Setidaknya ada enam peristiwa kerusuhan di penjara yang tercatat pemberitaan dalam kurun Maret hingga April 2016. Antara lain di Lapas Muara Bulian, Jambi (17 Maret), Lapas Rajabasa, Lampung (18 Maret), Rumah Tahanan Malabero, Bengkulu (25 Maret), Lapas Tewaan, Bitung (6 April), dan Lapas Kerobokan, Bali (22 April). Terakhir, kerusuhan terjadi di Lapas, Banceuy Jawa Barat pada Sabtu 24 April lalu.
 
Anggota Komisi III DPR RI dari Fraksi Partai Persatuan Pembangunan (PPP) Arsul Sani mengamati sejumlah kericuhan penjara ini dilatarbelakangi oleh konflik yang kian meruncing antar penghuni lapas dan rutan.
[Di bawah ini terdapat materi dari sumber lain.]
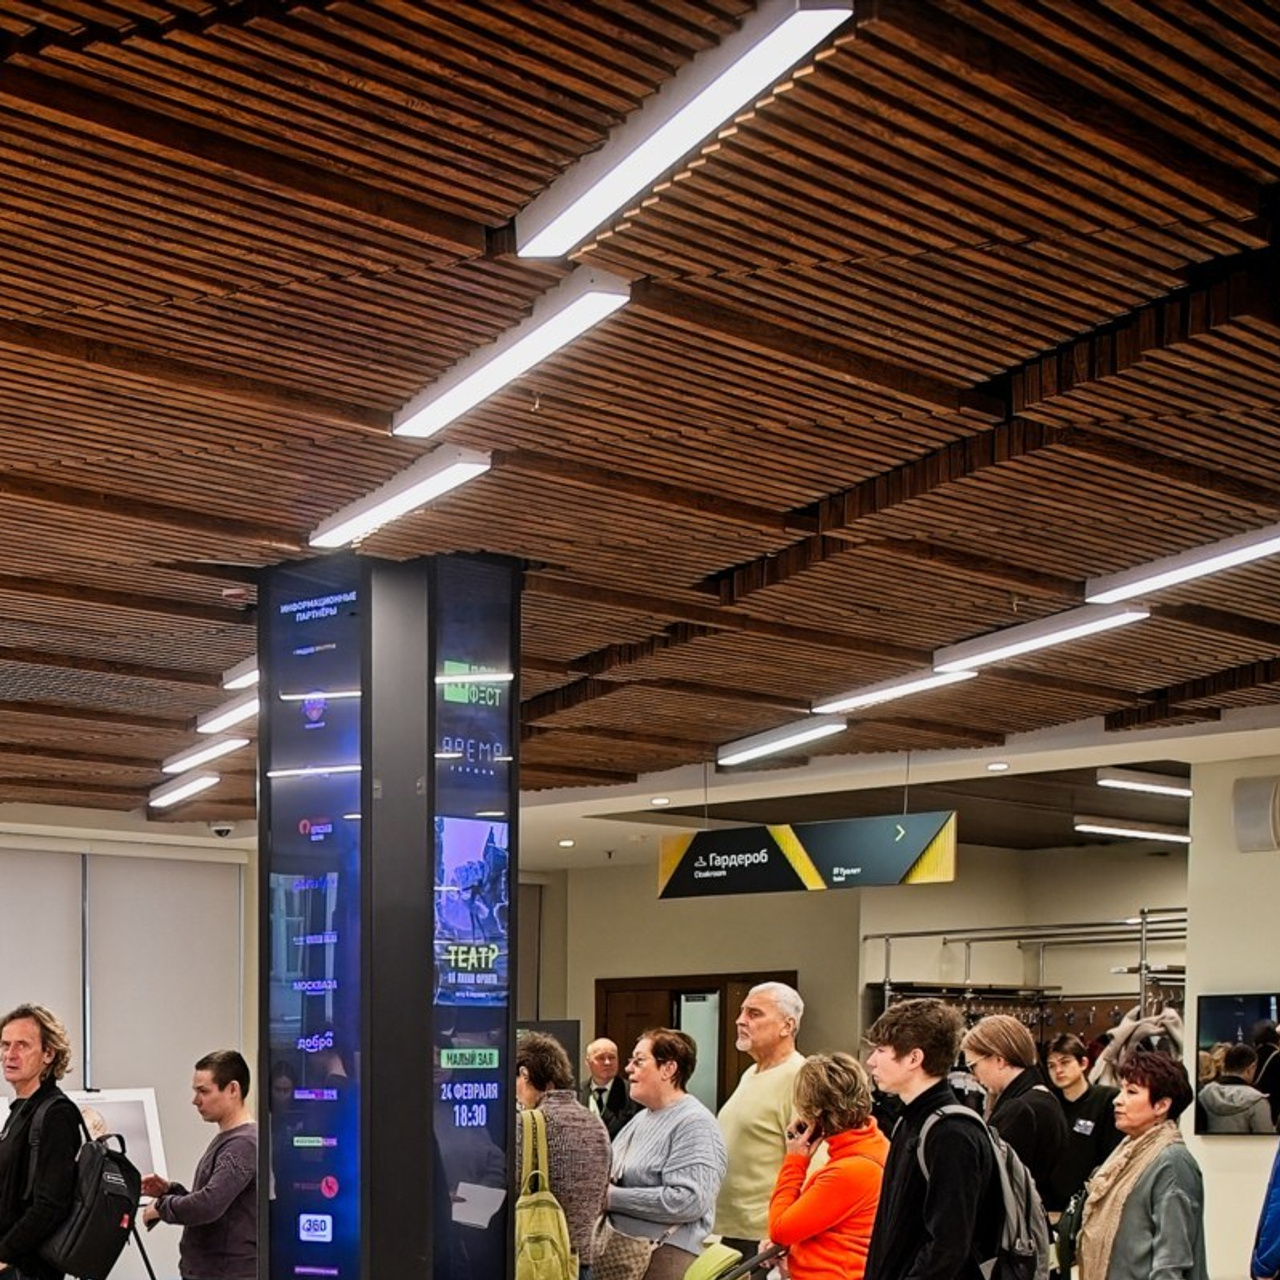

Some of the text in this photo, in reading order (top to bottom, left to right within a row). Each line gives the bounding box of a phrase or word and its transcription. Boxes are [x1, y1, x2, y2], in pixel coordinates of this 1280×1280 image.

[709, 849, 769, 869] Гардероб
[453, 1082, 499, 1100] ФЕВРАЛЯ
[453, 1104, 487, 1127] 18:30
Terutama terkait pengetatan syarat remisi atau pengurangan masa hukuman sebagaimana diatur dalam Peraturan Pemerintah Nomor 99 Tahun 2012 tentang Syarat dan Tata Cara Pelaksanaan Hak Warga Binaan Pemasyarakatan. PP ini mengubah ketentuan mendapatkan remisi, pembebasan bersyarat, cuti menjelang bebas, dan asimiliasi bagi pelaku tindak pidana nakotika, terorisme, dan kejahatan luar biasa lainnya menjadi amat tidak mudah.

Bagaimana tanggapan anda mengenai artikel ini?


 
Aturan ini, meurut Arsul, telah membuat narapidana kasus pidana tertentu semakin frustasi.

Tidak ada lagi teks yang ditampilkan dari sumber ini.